### YOUR ASSIGNMENT
Below is a set of records. Repeat them verbatim without the pictures.

[Stored entries]
+ + + +

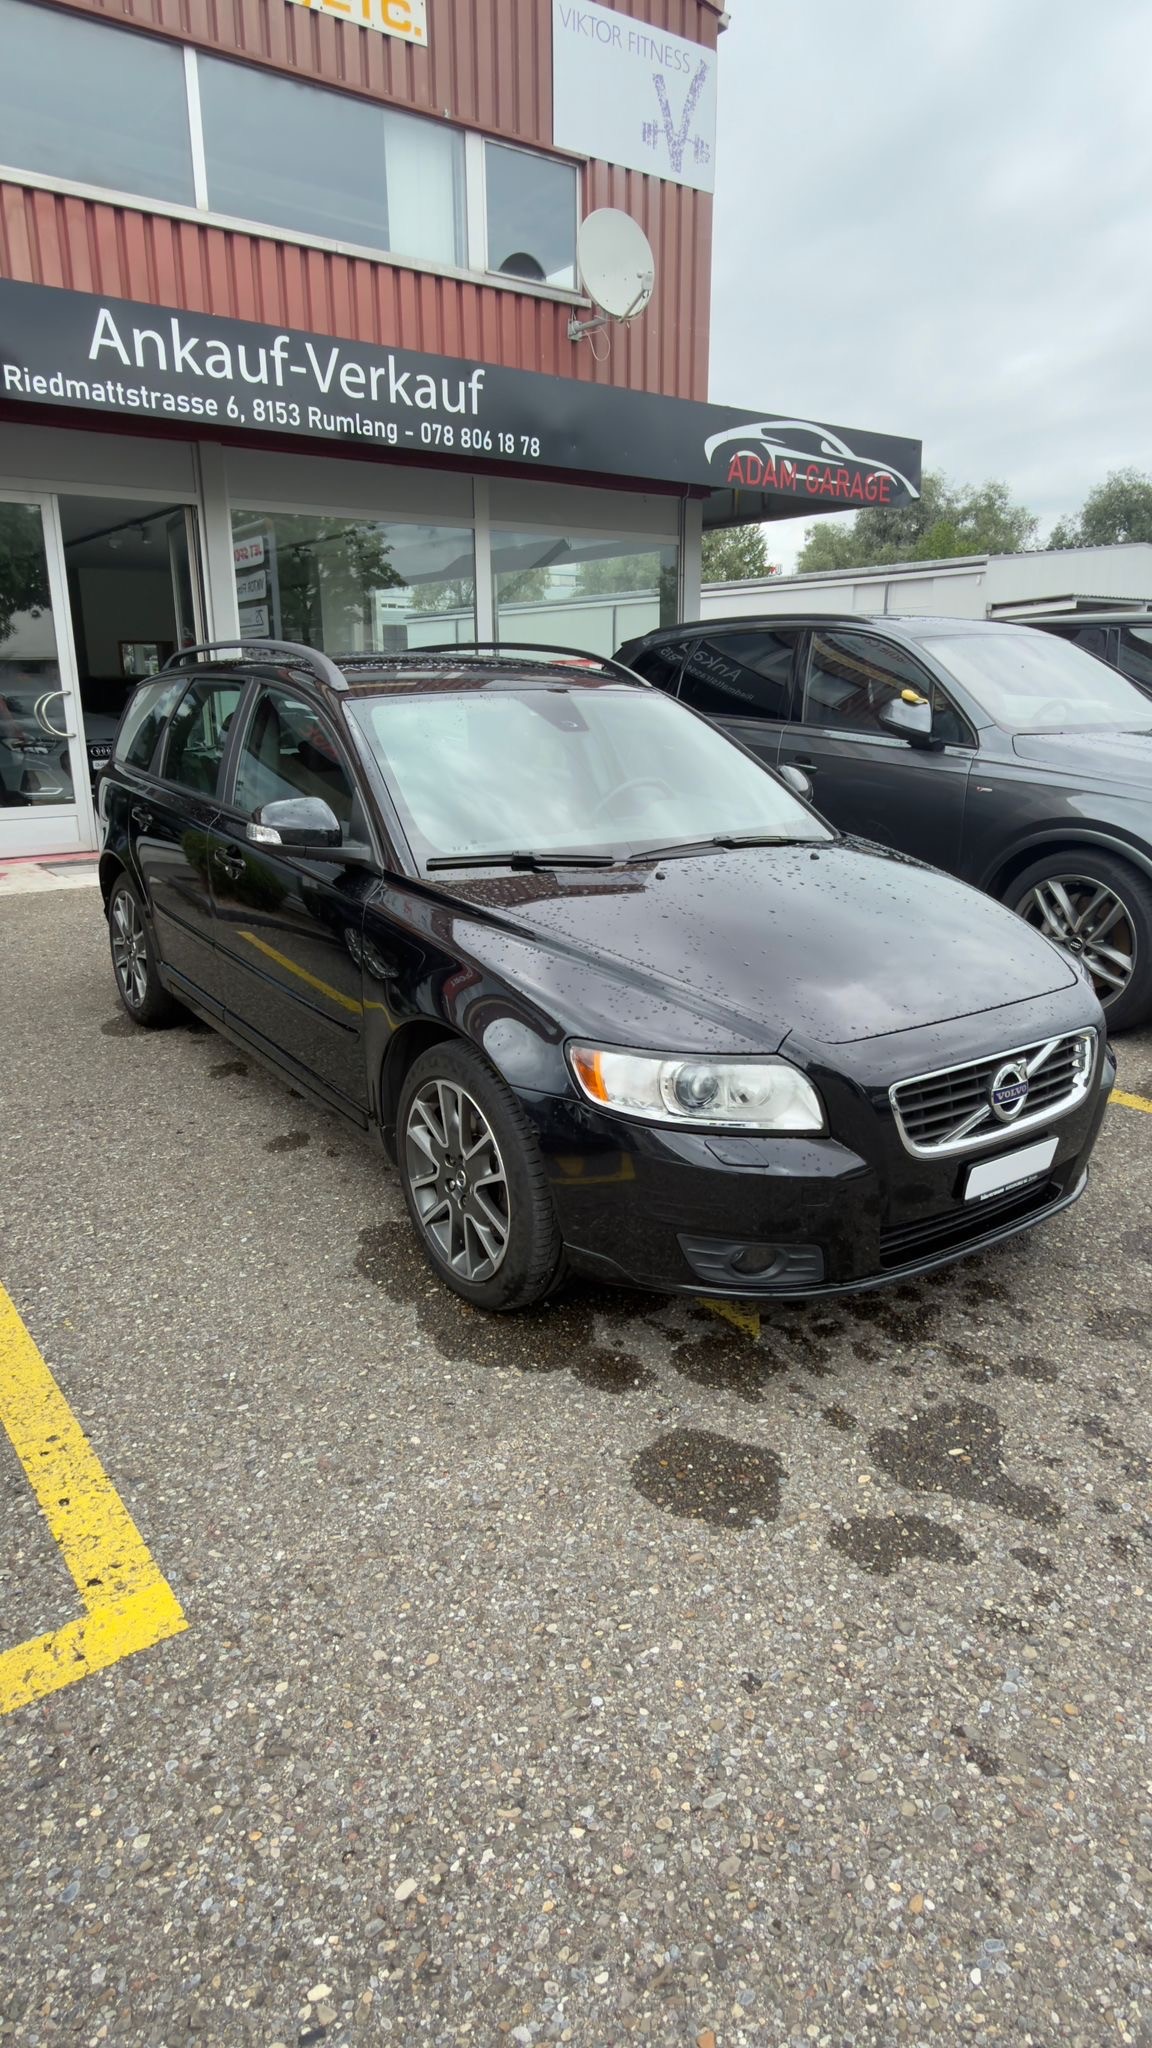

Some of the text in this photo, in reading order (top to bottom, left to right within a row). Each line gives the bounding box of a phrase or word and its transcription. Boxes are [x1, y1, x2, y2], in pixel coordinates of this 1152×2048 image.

[559, 4, 691, 74] VIKTOR FITNESS
[88, 308, 486, 415] Ankauf-Verkauf
[3, 364, 218, 417] Riedmattstrasse
[226, 396, 245, 423] 6,
[253, 399, 300, 426] 8153
[308, 406, 398, 444] Rumlang
[421, 422, 454, 446] 078
[461, 428, 492, 451] 806
[498, 432, 515, 454] 18
[520, 435, 540, 457] 78
[727, 454, 892, 503] ADAM GARAGE
[995, 1084, 1027, 1101] VOLVO

+ + + +

### EXERCISE ANSWER
Some of the text in this photo, in reading order (top to bottom, left to right within a row). Each line gives the bounding box of a phrase or word and its transcription. Boxes are [x1, y1, x2, y2], in pixel coordinates of this 1152×2048 image.

[559, 4, 691, 74] VIKTOR FITNESS
[88, 308, 486, 415] Ankauf-Verkauf
[3, 364, 218, 417] Riedmattstrasse
[226, 396, 245, 423] 6,
[253, 399, 300, 426] 8153
[308, 406, 398, 444] Rumlang
[421, 422, 454, 446] 078
[461, 428, 492, 451] 806
[498, 432, 515, 454] 18
[520, 435, 540, 457] 78
[727, 454, 892, 503] ADAM GARAGE
[995, 1084, 1027, 1101] VOLVO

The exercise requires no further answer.